The aircraft departed Larnaca, Cyprus at 9:07am local time for a scheduled passenger flight to Athens, Greece. Shortly after departure, at 9:37am, the aircraft entered Greek airspace, and over the next 30 minutes, the crew failed to make contact with Greek air traffic control. At 10:20am, Greek air traffic controllers contacted their Cypriot counterparts, who reported that the flight crew had reported a problem with the 737′s air conditioning packs shortly before entering Greek airspace.
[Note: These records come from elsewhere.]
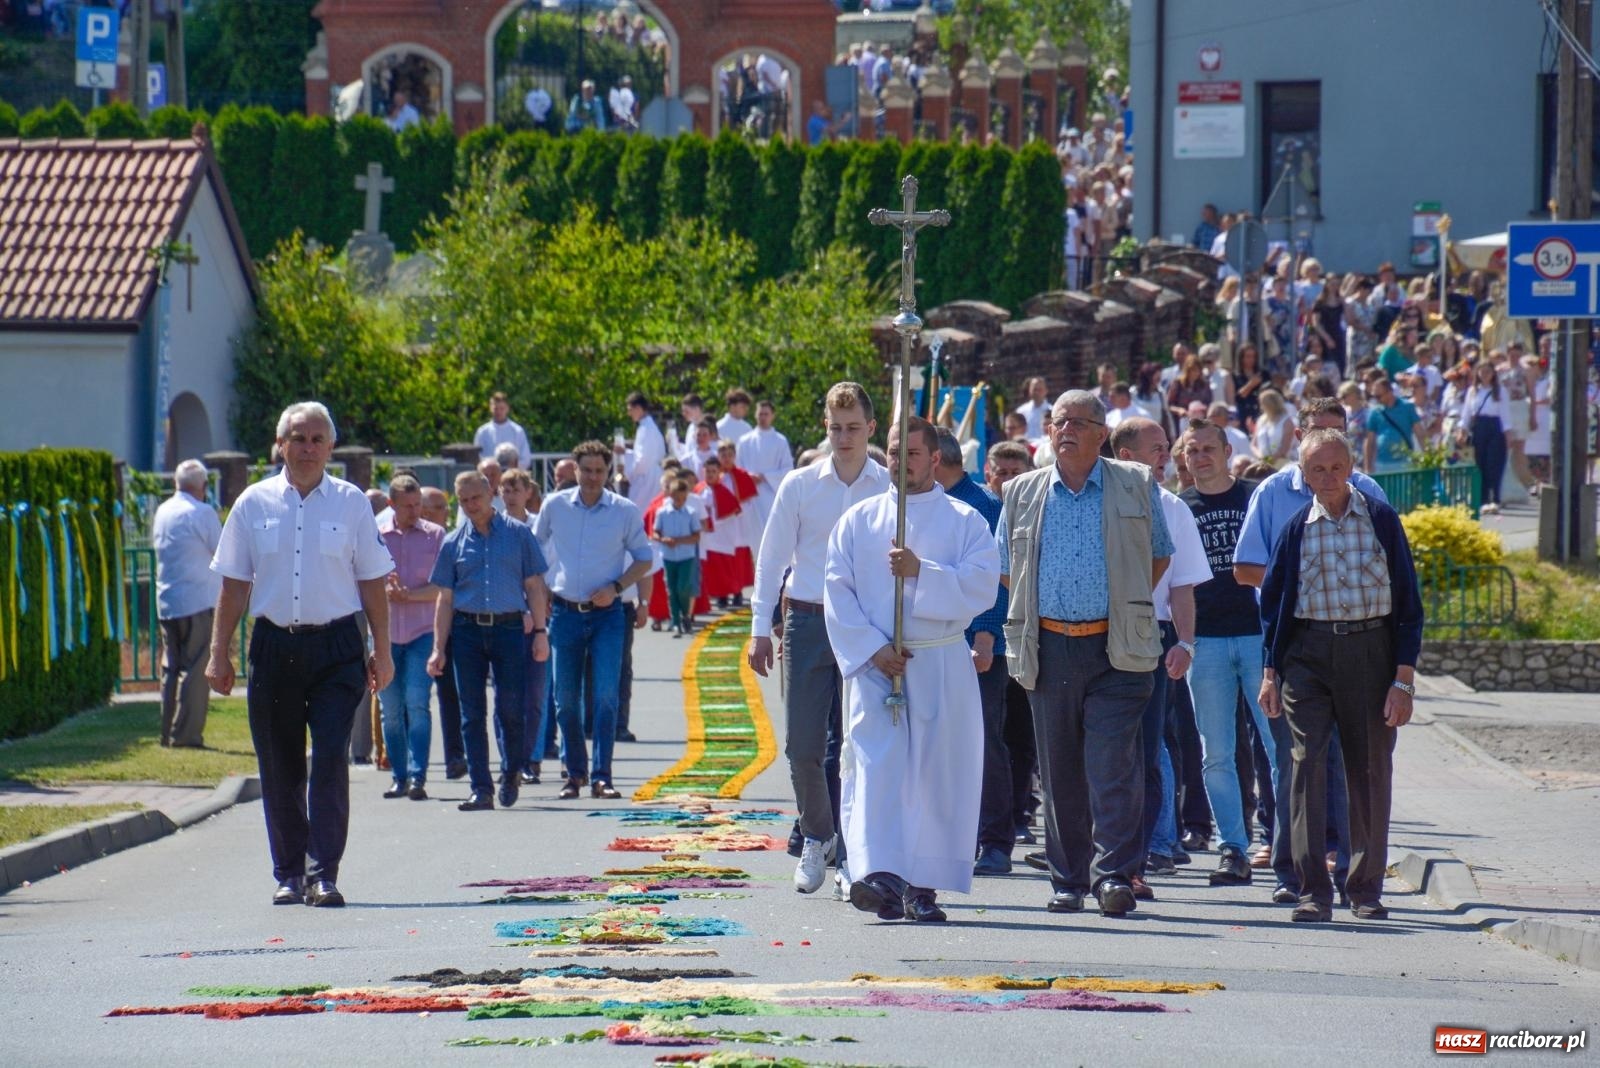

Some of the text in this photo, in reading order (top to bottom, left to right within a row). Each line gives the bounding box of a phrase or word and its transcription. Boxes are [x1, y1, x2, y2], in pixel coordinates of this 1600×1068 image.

[86, 13, 110, 46] P
[147, 70, 161, 104] P
[1195, 510, 1246, 525] AUTHENTIC
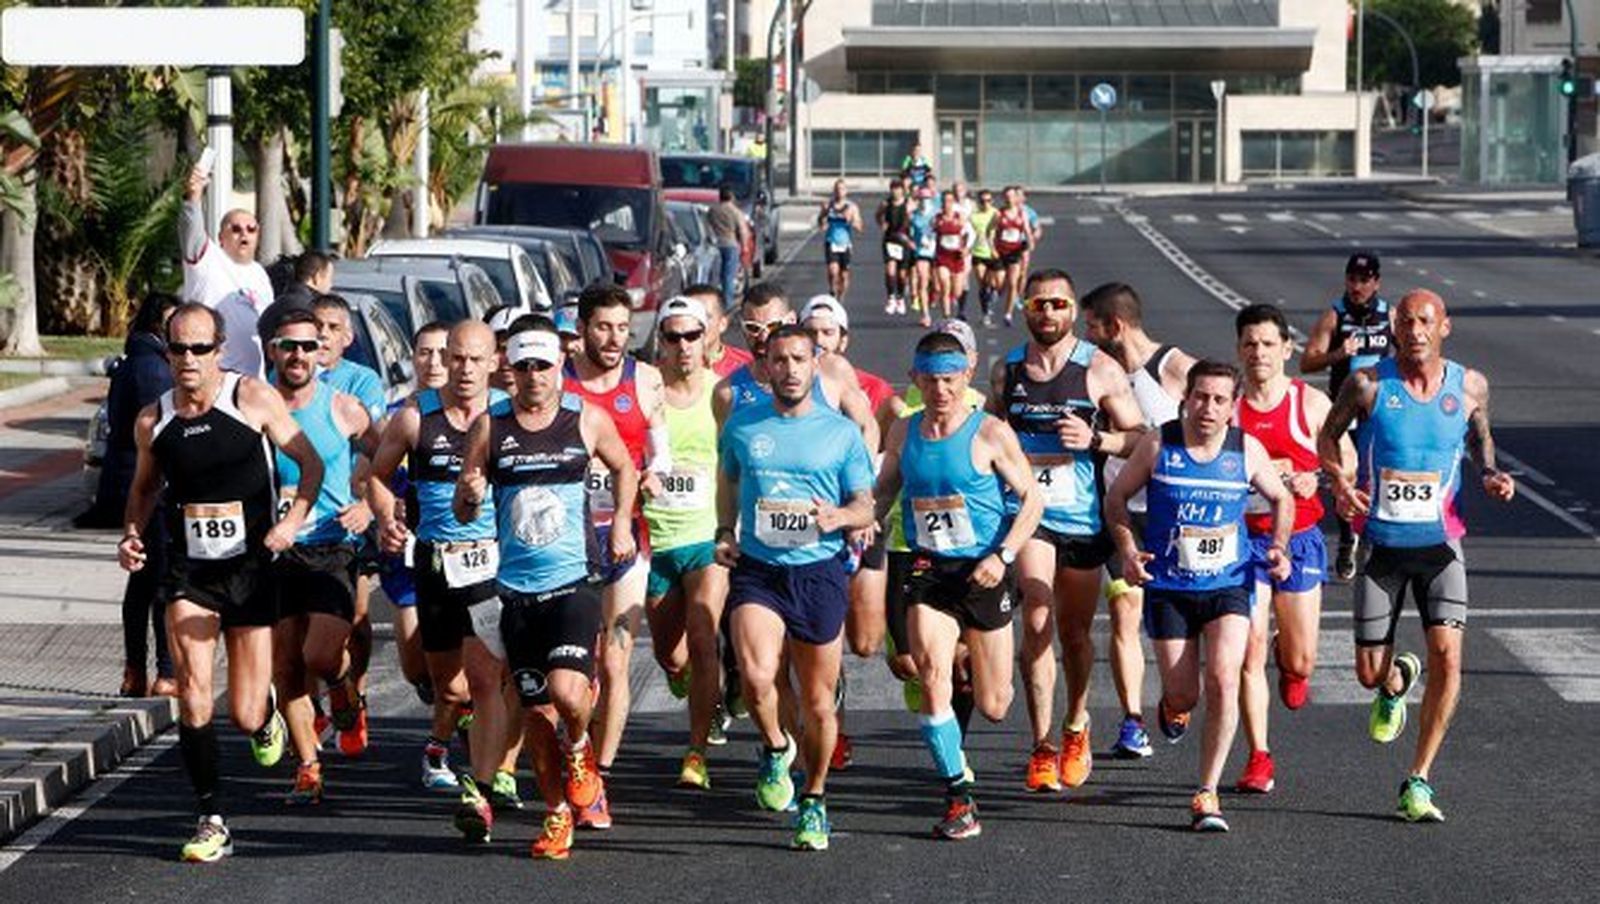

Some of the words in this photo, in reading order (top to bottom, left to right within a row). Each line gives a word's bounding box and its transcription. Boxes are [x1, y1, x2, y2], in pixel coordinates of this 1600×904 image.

[1038, 468, 1053, 486] 4
[1386, 484, 1432, 502] 363
[191, 519, 237, 538] 189
[769, 512, 809, 531] 1020
[924, 511, 954, 532] 21
Subsequent attempts to establish contact with the flight crew failed, and at 10:55am, two Greek F-16 fighter jets were scrambled to intercept the stricken airliner. The fighter jets established visual contact with the 737 at 11:20am over the Aegean Island of Kea, and subsequently reported that the Captain was not in the cockpit, the first officer was unconscious, slumped over the flight controls, and that the cabin oxygen masks appeared to be deployed. The F-16 jets continued to follow the aircraft as it started descending and, at 12:05pm local time, crashed into arid, mountainous terrain about 19 miles north of Athens’ Eleftherios Venizelos Airport.
The investigation shows that the cabin pressure regulation valve (located aft the fuselage) would have remained opened. The crew would have set this valve into manual control (so, open), letting the aircraft at atmospheric pressure. The crew would have fainted before being aware of the problem. The aircraft flew until it ran out of fuel.